PK Kinderbetreuung

Sobotka/Schwarz: Höchste Frauenerwerbsquote in NÖ beweist, wo Beruf und Familie am besten zu vereinbaren sind

Das macht die sichere Hand: Zusperren und Einsperren

Anlässlich des NÖ-Arbeitnehmertages im Zeichen der Familien nahmen NÖAAB-Obmann LH-Stv. Wolfgang Sobotka und Landesrätin Barbara Schwarz Stellung zur aktuellen Kinderbetreuungsdiskussion. „Die SPÖ setzt auf Zwang und Einheitsbrei, Niederösterreich auf Wahlfreiheit und Vielfalt. Mit der höchsten Frauenerwerbsquote (81 Prozent) beweist Niederösterreich, wo Beruf und Familie am besten zu vereinbaren sind, während das sozialistische Musterland Wien praktisch in allen Parametern hinten nach hinkt“, betont Sobotka.

 

Bildungs- und Familienlandesrätin Schwarz geht auf die Forderungen der SPÖ nach verpflichtender Ganztagsschule ein: „Auch in der schulischen Nachmittagsbetreuung ist die SPÖ am Holzweg. Niederösterreichs Eltern sprechen sich ganz klar gegen verschränkten Unterricht aus, wo Kinder bis in den späten Nachmittag hinein verpflichtend in der Schule sein müssen. Während die SPÖ den Menschen ihre Meinung aufzwingen will, ist für uns in NÖ die Meinung der Menschen ein Auftrag. Der Großteil der Eltern wünscht sich Betreuungsformen, die sie flexibel und tageweise in Anspruch nehmen können, um so viel Zeit wie möglich mit ihren Kindern verbringen zu können. Und hier ist die Schulische Nachmittagsbetreuung das ideale Angebot, das wir auch ausbauen. Alleine in diesem Schuljahr wird es an 40 zusätzlichen Standorten Schulische Nachmittagsbetreuung geben.“

 

„In den letzten Jahren hat Niederösterreich für die Kinderbetreuung unglaublich viel geleistet, während sich Wien Unglaubliches geleistet hat.
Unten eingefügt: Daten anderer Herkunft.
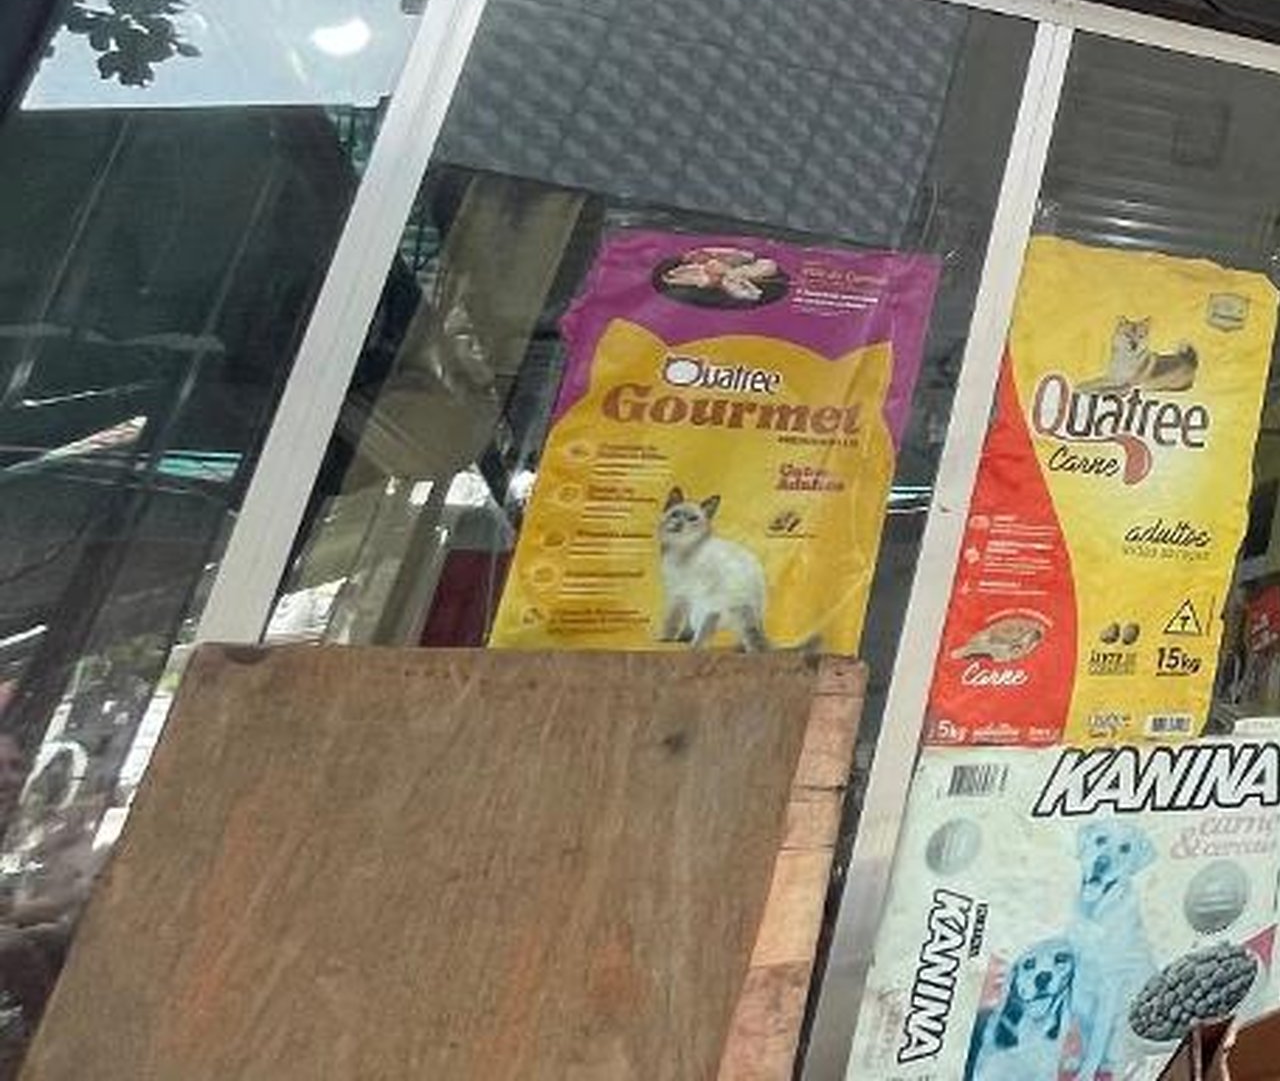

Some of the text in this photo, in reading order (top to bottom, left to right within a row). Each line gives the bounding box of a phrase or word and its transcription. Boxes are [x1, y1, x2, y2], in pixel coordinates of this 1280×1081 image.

Seit 2006 hat NÖ 50 zusätzliche Kindergartenstandorte errichtet und 550 zusätzliche Gruppen geschaffen, Wien hat im selben Zeitraum 30 Standorte geschlossen und nur 20 zusätzliche Gruppen geschaffen. Kein Wunder, dass auch die Kinderbetreuungsquote in Wien mit 88,9 Prozent niedriger ist, als im Bundesschnitt (90,3) während NÖ auf eine Betreuungsquote von fast 96 Prozent verweisen kann.  Wenn man sich angesichts dieser Zahlen anhören muss, dass die Wiener SPÖ die zwangsweise Betreuung ab einem Jahr fordert und nur reiche Privatschulkinder sollen sich nach roter Denke den Nachmittagsunterricht ersparen dürfen, dann bleibt mir nur eines zu sagen: Zusperren und Einsperren, dass macht die sichere Hand wirklich“, betont der NÖAAB-Obmann. 

 

„Die SPÖ macht eine Bildungs- und Familienpolitik vollkommen an den Menschen vorbei. Und noch schlimmer: Sie will  Familien auch noch dafür zahlen lassen, wenn sie ihren Erziehungsauftrag selbst wahrnehmen wollen. Das zeigt sich in der Forderung der SPÖ-Wien, das zeigt sich aber auch darin, dass Schulische Nachmittagsbetreuung mit einem Elternbeitrag verbunden ist, während verschränkte Schulangebote kostenfrei sind. Der SPÖ geht es nicht um die Menschen, ihr geht es einzig und allein darum  ihre Ideologien umzusetzen – wenn nötig auch durch spitzfindige Hintertüren!“ so Schwarz abschließend.